With the headline "Improperly Configured AWS S3 Bucket Exposes 10 Million Hotel Guest Records" in this week's SANS NewsBites, I wanted to shed a little light on the same problem, but in Azure.
Microsoft Azure Blob Storage is very similar to AWS S3, and comes in three access control flavors:
You can check the configured access level by looking at your Azure resources, clicking on the storage accounts, and then drilling down into the storage containers present:
An access level of "Blob" can be sufficient for something like a public website. It behaves very similar to a web server - if someone knows or can guess the file name, they can access the file, no questions asked. For business data, this level of access is dangerous though, because its "security" basically just relies on your assumption that nobody else knows or can guess the file name. More often than not, this assumption turns out to be ill-advised. Other files that you intentionally share publicly might have a similar naming structure, or you maybe are using easily guessable names to begin with. In a nutshell: If you would consider a file too sensitive to store on your public web server, don't store it in a Azure container with "Blob" access, either.
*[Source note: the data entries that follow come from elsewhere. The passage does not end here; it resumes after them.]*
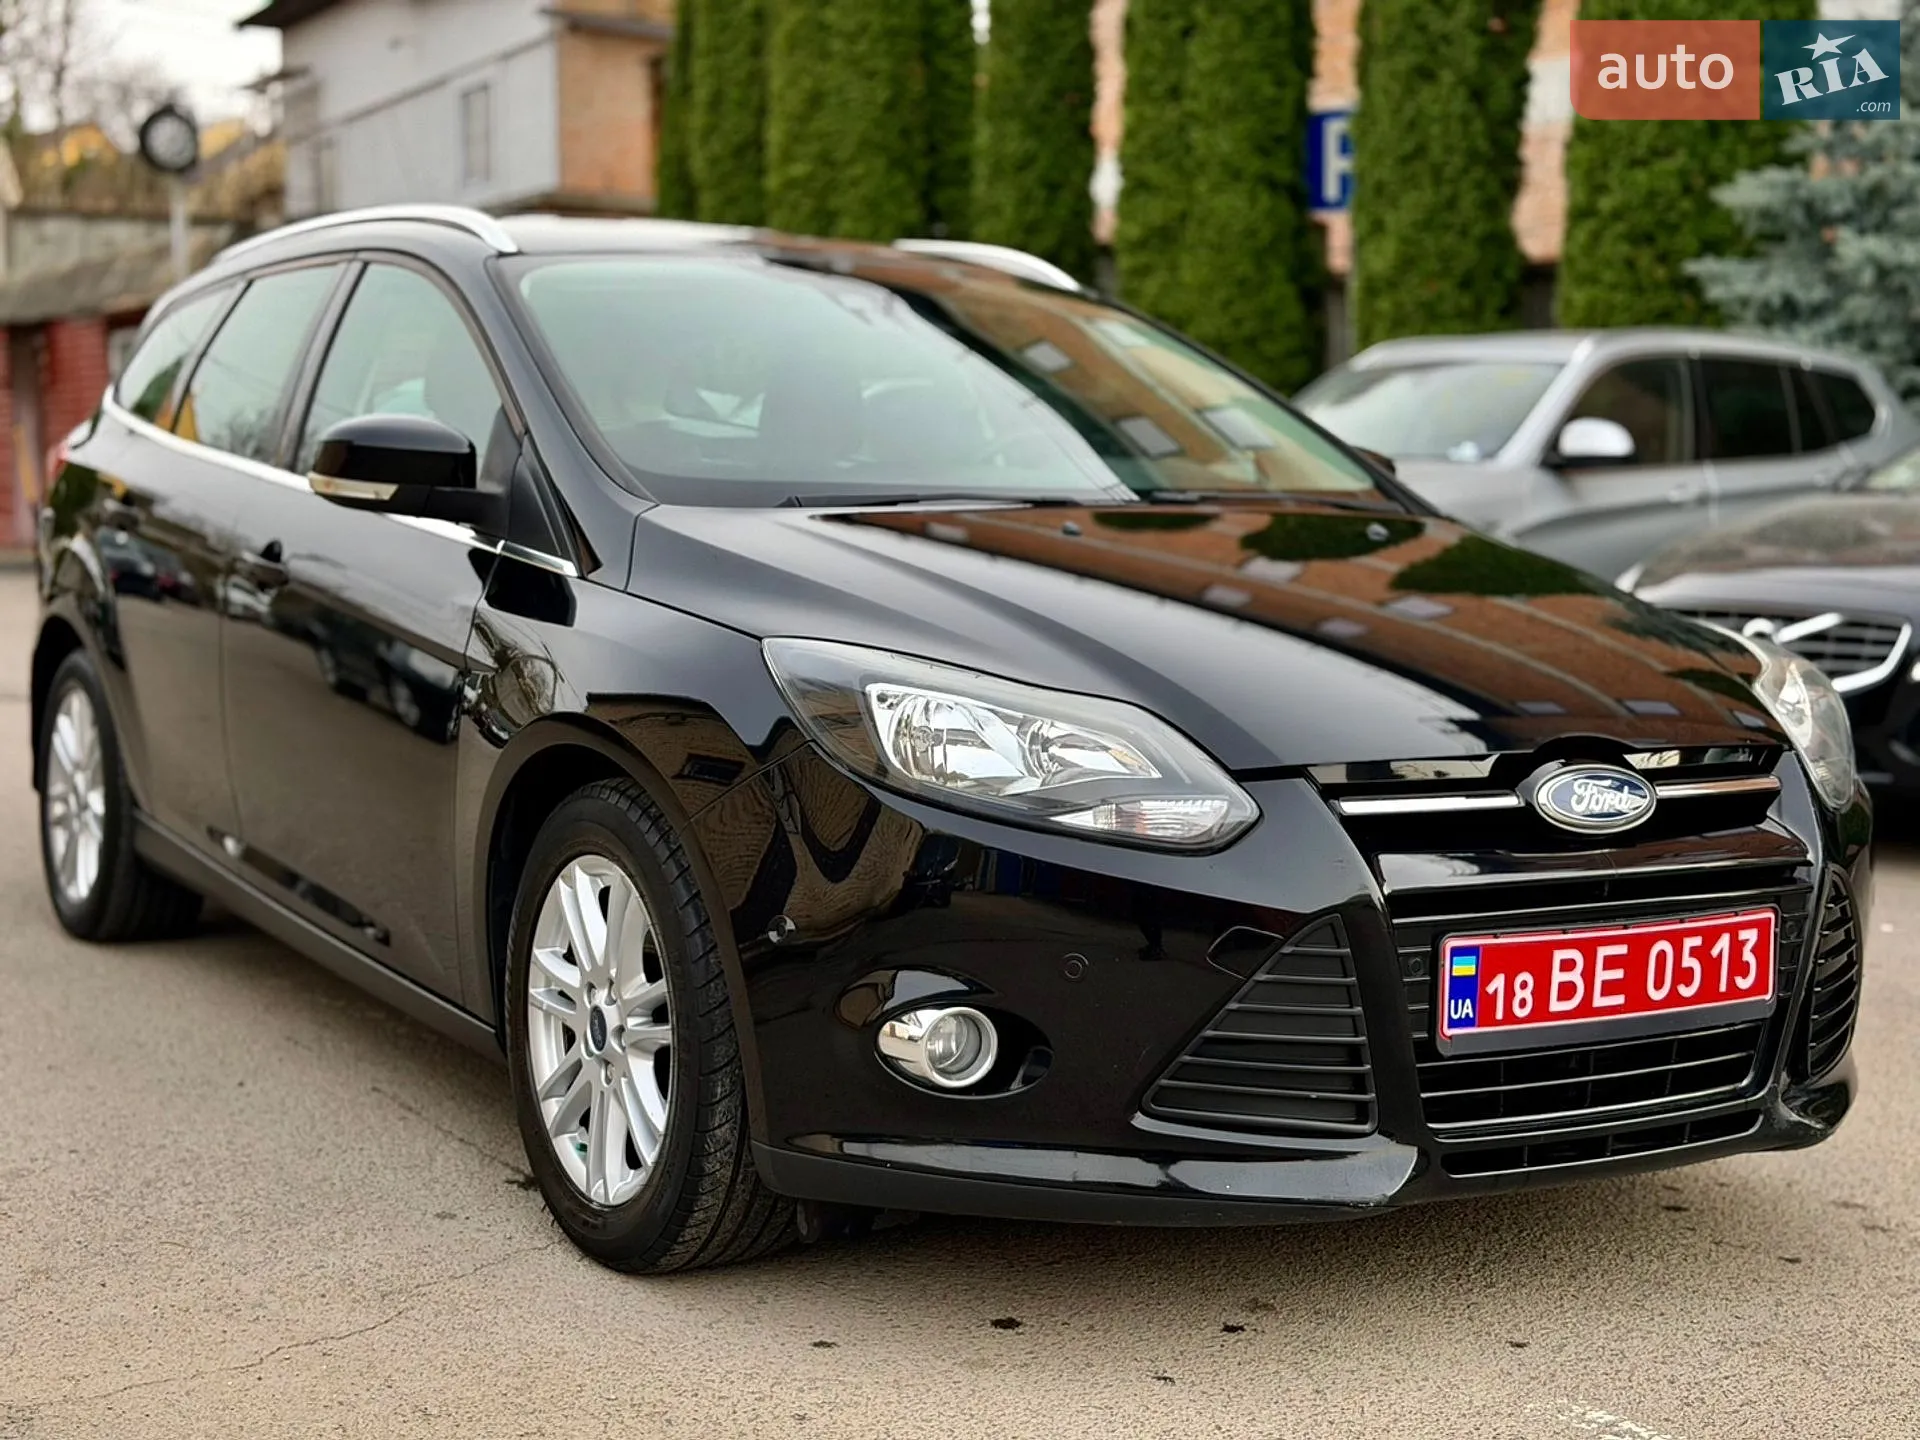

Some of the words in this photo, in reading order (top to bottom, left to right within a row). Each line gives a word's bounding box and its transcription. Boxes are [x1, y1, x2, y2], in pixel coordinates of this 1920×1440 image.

[1571, 778, 1630, 812] Ford
[1486, 972, 1535, 1020] 18
[1549, 944, 1629, 1012] BE
[1646, 928, 1759, 1001] 0513
[1450, 998, 1474, 1019] UA
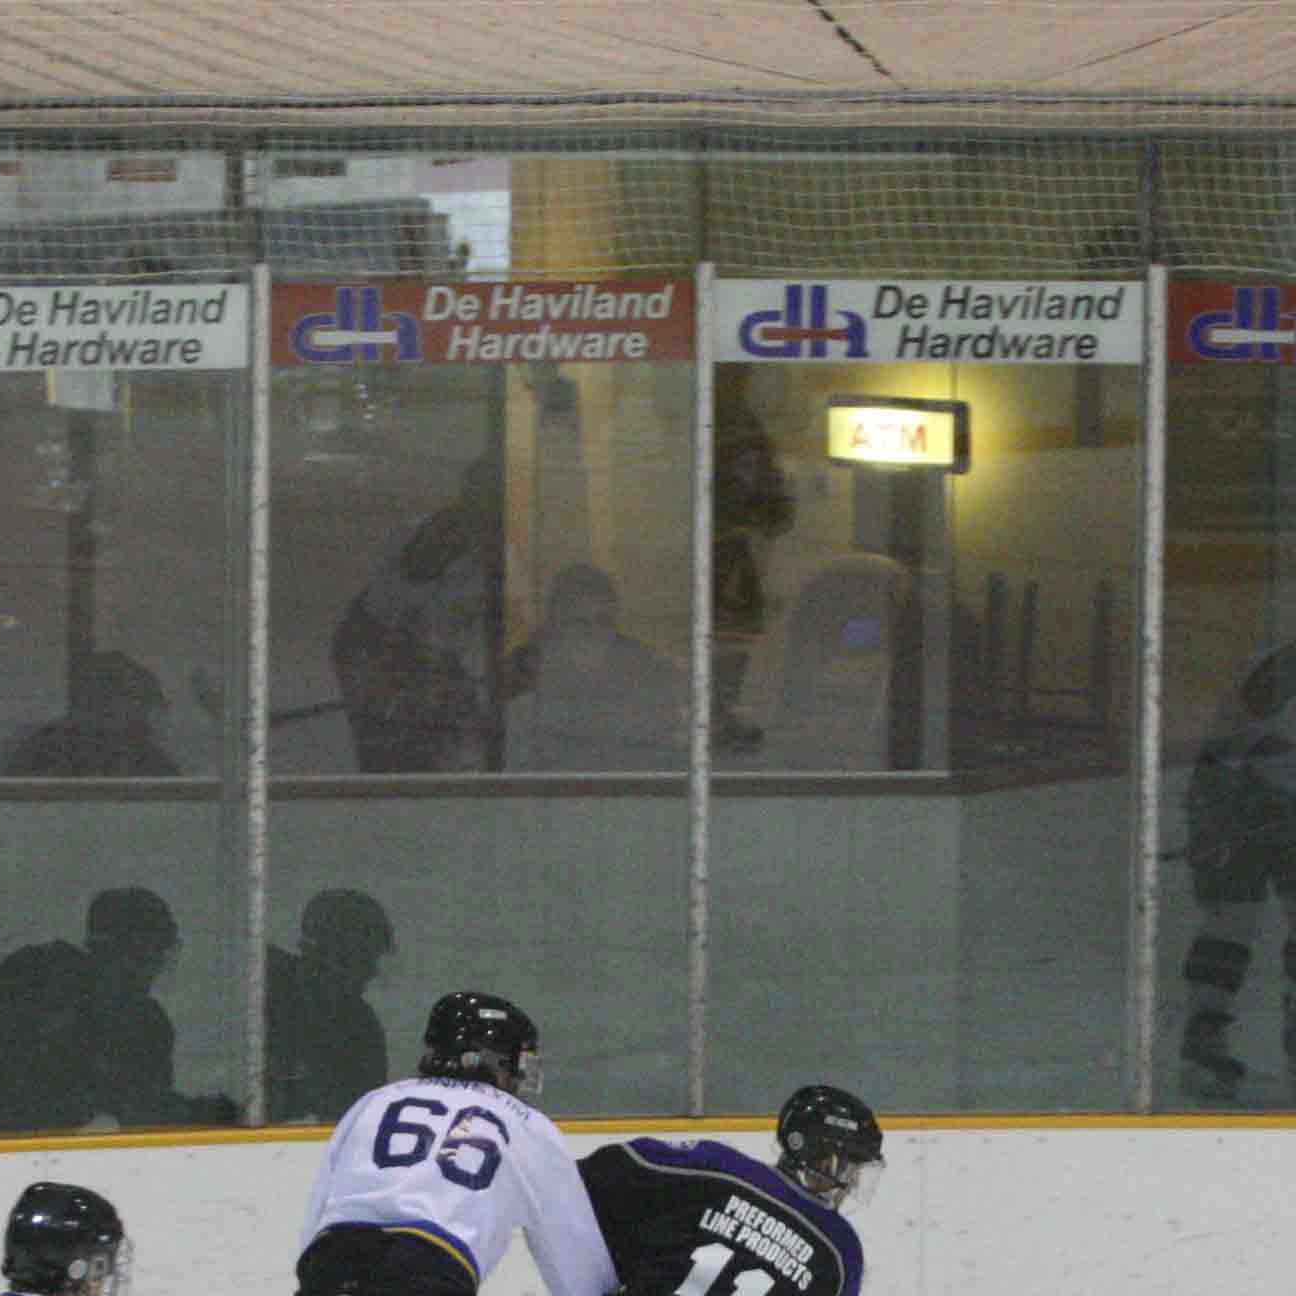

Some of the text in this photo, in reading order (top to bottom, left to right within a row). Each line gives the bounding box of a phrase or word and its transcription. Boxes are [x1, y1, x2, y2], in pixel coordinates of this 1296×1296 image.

An access level of "Container" is the same as "Blob", but worse. An attacker just needs to know the name of the Storage Account itself. That's the part of the name in front of the *.blob.core.windows.net URLs that you certainly have encountered before. That name space is pretty small, because the Storage Account Name has to be unique across all Azure tenants (Microsoft Azure Customers). While creating a new storage account, "name collisions" are therefore quite frequent:
The container name itself (one level below the storage account) only needs to be unique per storage account though, and cannot be directly enumerated. Therefore, even accounts that are exposed at access level "Container" retain a tiny modicum of security-by-obscurity, presumed that your container is indeed named obscurely. In my example shown, the container is named "logs", and would likely be discovered real quick once someone develops any interest in my "temporaryexampleonly" container. Enumerating the contents is then only one API call away, and the resulting XML/JSON is readily machine parseable to extract the URLs of all the files in the container. Once the file and path names are known, the files can be obtained even if the access level is later changed back to "Blob".
If your ASC displays this recommendation for any of your storage accounts, take it seriously, and investigate if the flagged resource is public-by-design, or public-by-mistake.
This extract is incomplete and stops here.